È morto mentre cercava di recuperare uno sciame d’api fuggito da un suo alveare il 74enne Alfonso Nobile, artigiano in pensione con la passione dell’apicoltura. La tragedia si è consumata in una frazione di Montenerodomo
La morte è stata causata da un malore, anche se inizialmente si era ipotizzato uno shock anafilattico: sul corpo non sono stati trovati eritemi o rigonfiamenti delle mucose. La salma è stata restituita ai familiari. Il fatto è successo ieri mattina verso 10.40 in località Marangola. Aveva 74 anni Alfonso Nobile, artigiano in pensione con la passione dell’apicoltura. Ieri
mattina Alfonso è stato chiamato da un vicino, in campagna: «Vieni, uno sciame d’api è fuggito da una tua arnia e sta vicino a una mia». Il 74enne prende le precauzioni, si mette scarpe antinfortunistiche, maschera con retina. Dopo pochi minuti il conoscente della vittima torna sul posto e vede Nobile disteso a terra.
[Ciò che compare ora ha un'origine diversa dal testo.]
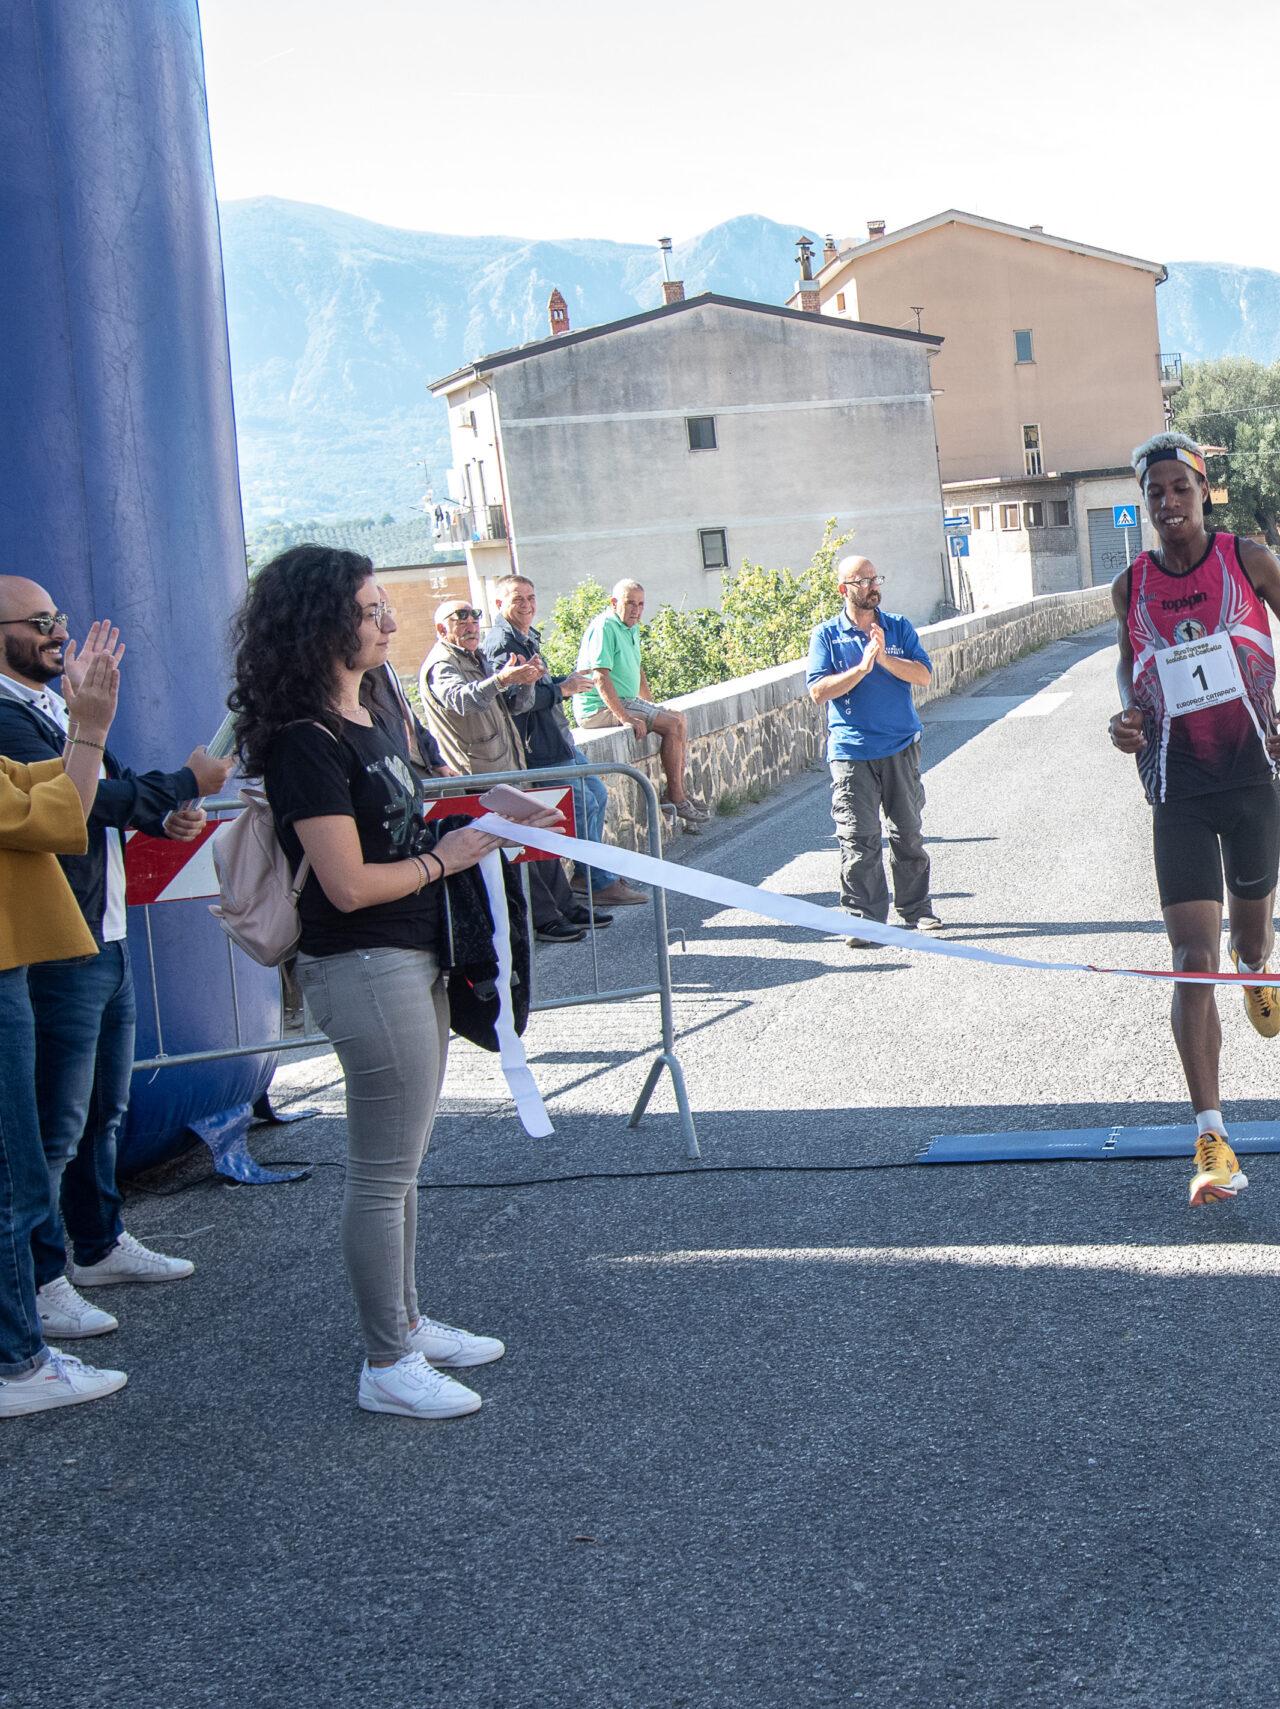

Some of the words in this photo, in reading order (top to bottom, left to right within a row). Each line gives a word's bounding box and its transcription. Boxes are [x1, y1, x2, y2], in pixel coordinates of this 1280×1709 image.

[953, 538, 964, 555] P
[1162, 592, 1207, 612] topspin
[1192, 664, 1208, 691] 1
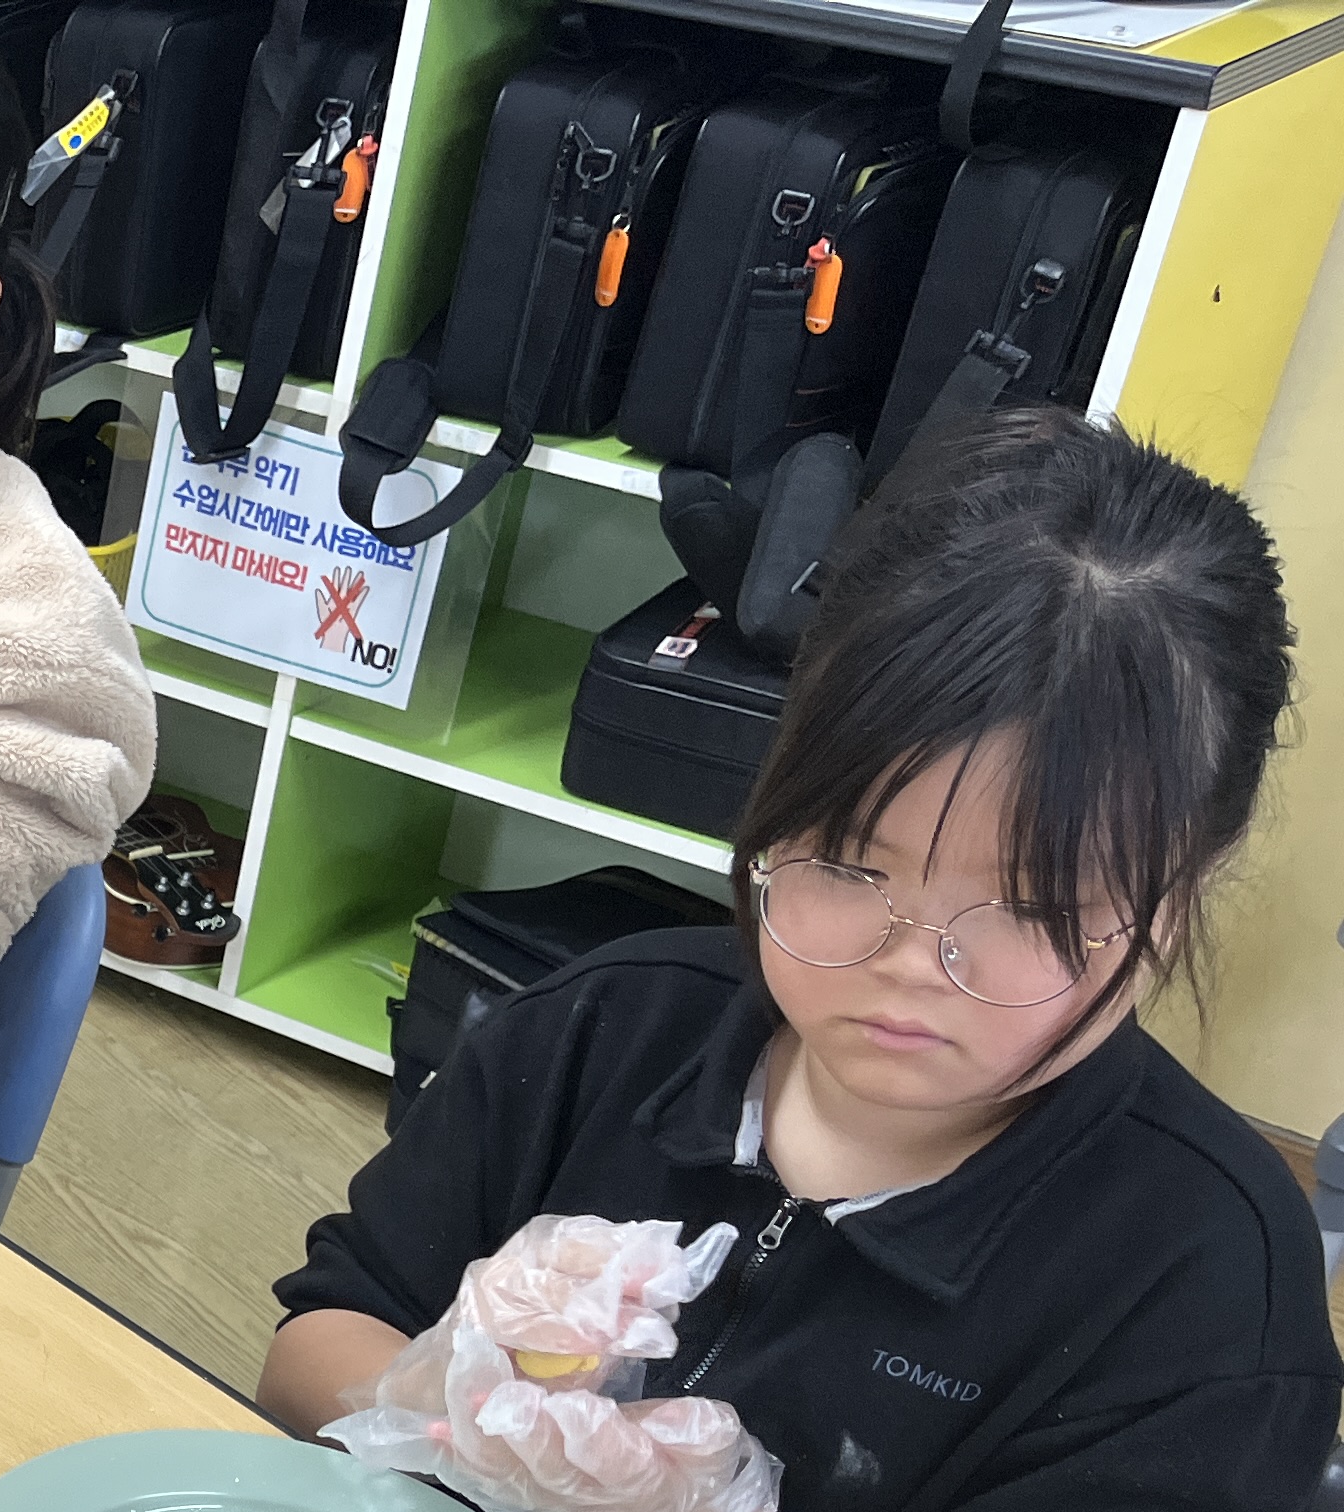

Chiama, ma non ottiene risposta. Capisce che qualcosa di grave è successo ma non si avvicina perché le api sono proprio lì. Chiama il 118 e il sindaco di Montenerodomo, Angelo Piccoli. Contestualmente sono allertati anche i Vigili del Fuoco. Sul posto sono arrivati i carabinieri della stazione di Torricella Peligna, i vigili del fuoco e anche l’assessore comunale responsabile della protezione civile Marco D’Orazio. Nel frattempo le api si sono spostate su un albero. Il personale del 118, arrivato da Torricella, cerca di rianimare il pensionato e viene allertato anche l’elisoccorso da Pescara.
La salma, sentito il magistrato, è stata riconsegnata alla famiglia. Dopo le operazioni di soccorso e i relativi rilievi, è stata aperta un’arnia nella speranza che la regina la scelga come nuova dimora.